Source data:
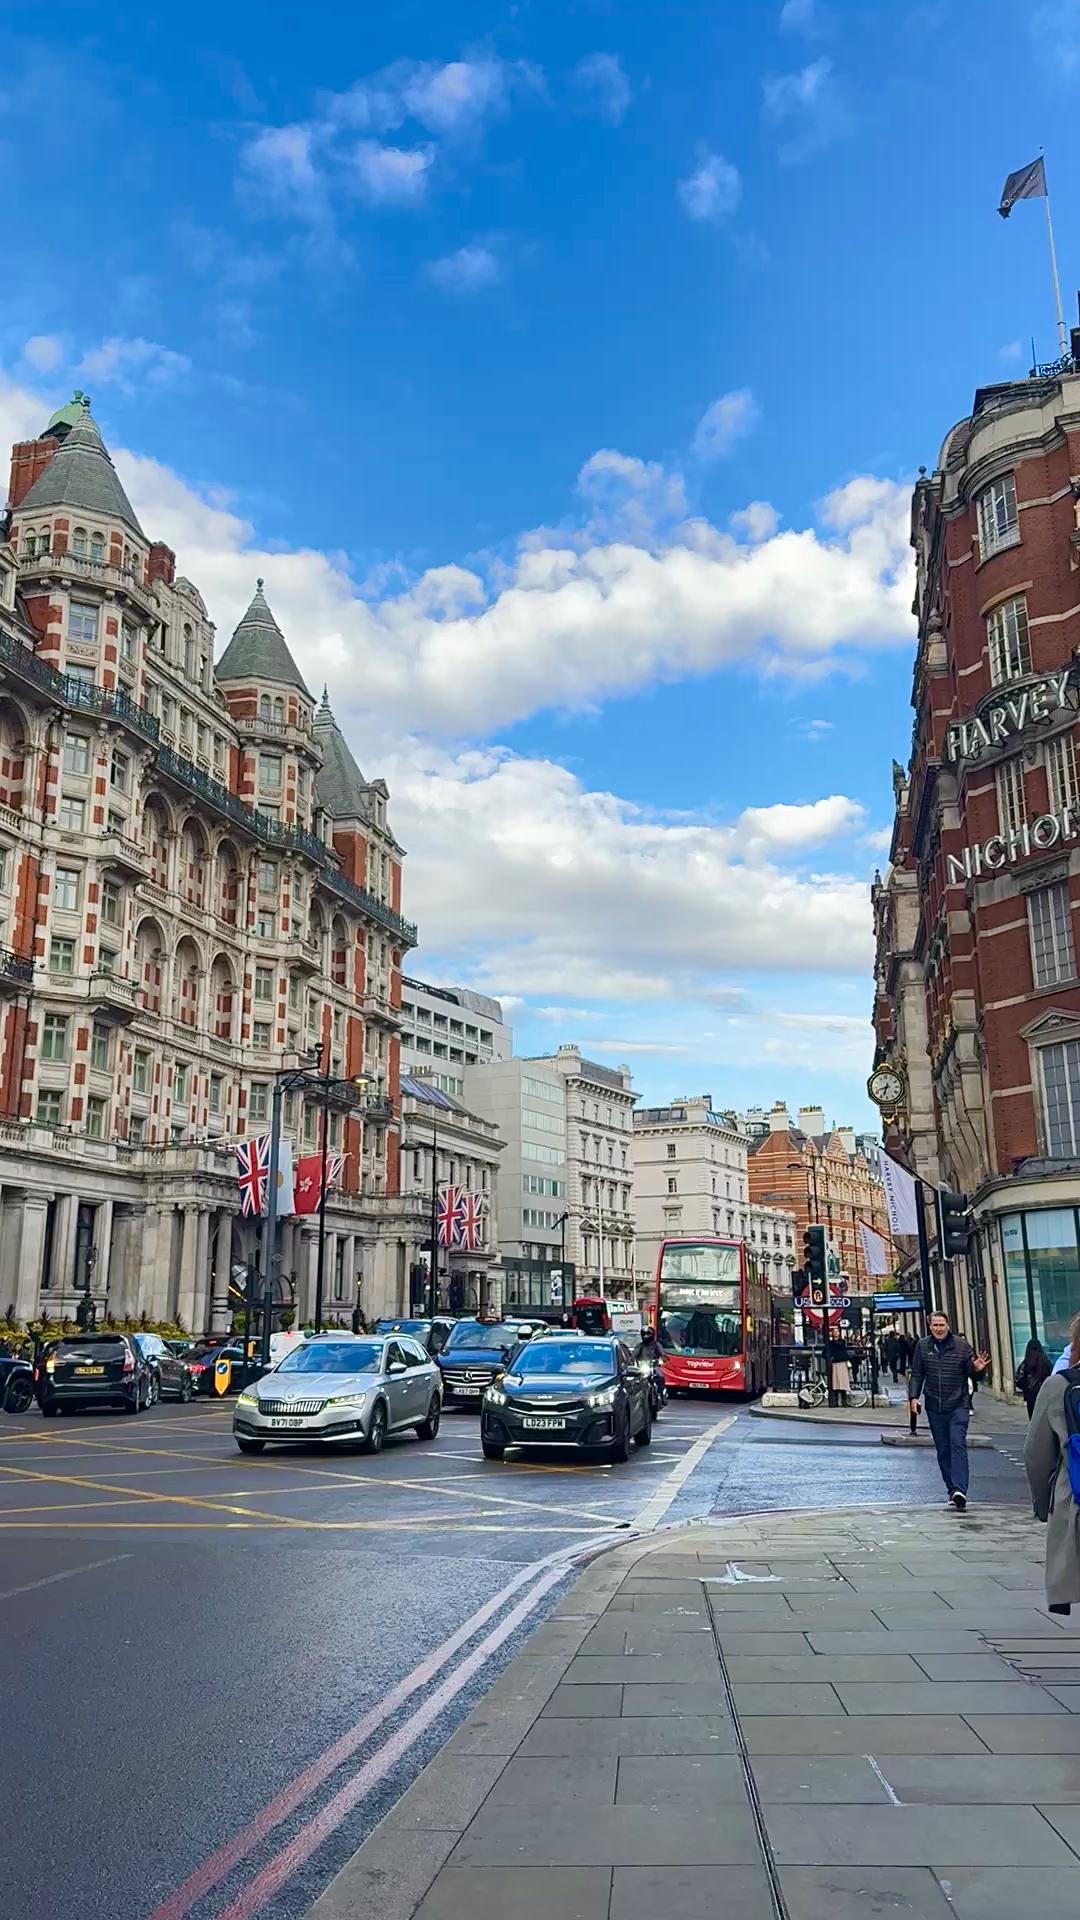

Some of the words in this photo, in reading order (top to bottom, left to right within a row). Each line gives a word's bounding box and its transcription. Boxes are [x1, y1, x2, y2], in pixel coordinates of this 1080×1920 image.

[947, 671, 1070, 762] HARVEY
[883, 1160, 895, 1192] HARVEY
[889, 1195, 901, 1233] NICHOLS
[271, 1418, 287, 1427] BV71
[525, 1418, 546, 1428] LD23

▸ **Task item**
Every entry above should come back exactly as written, except for its pictures.

▸ **Reply to the exercise**
Some of the words in this photo, in reading order (top to bottom, left to right within a row). Each line gives a word's bounding box and its transcription. Boxes are [x1, y1, x2, y2], in pixel coordinates of this 1080×1920 image.

[947, 671, 1070, 762] HARVEY
[883, 1160, 895, 1192] HARVEY
[889, 1195, 901, 1233] NICHOLS
[271, 1418, 287, 1427] BV71
[525, 1418, 546, 1428] LD23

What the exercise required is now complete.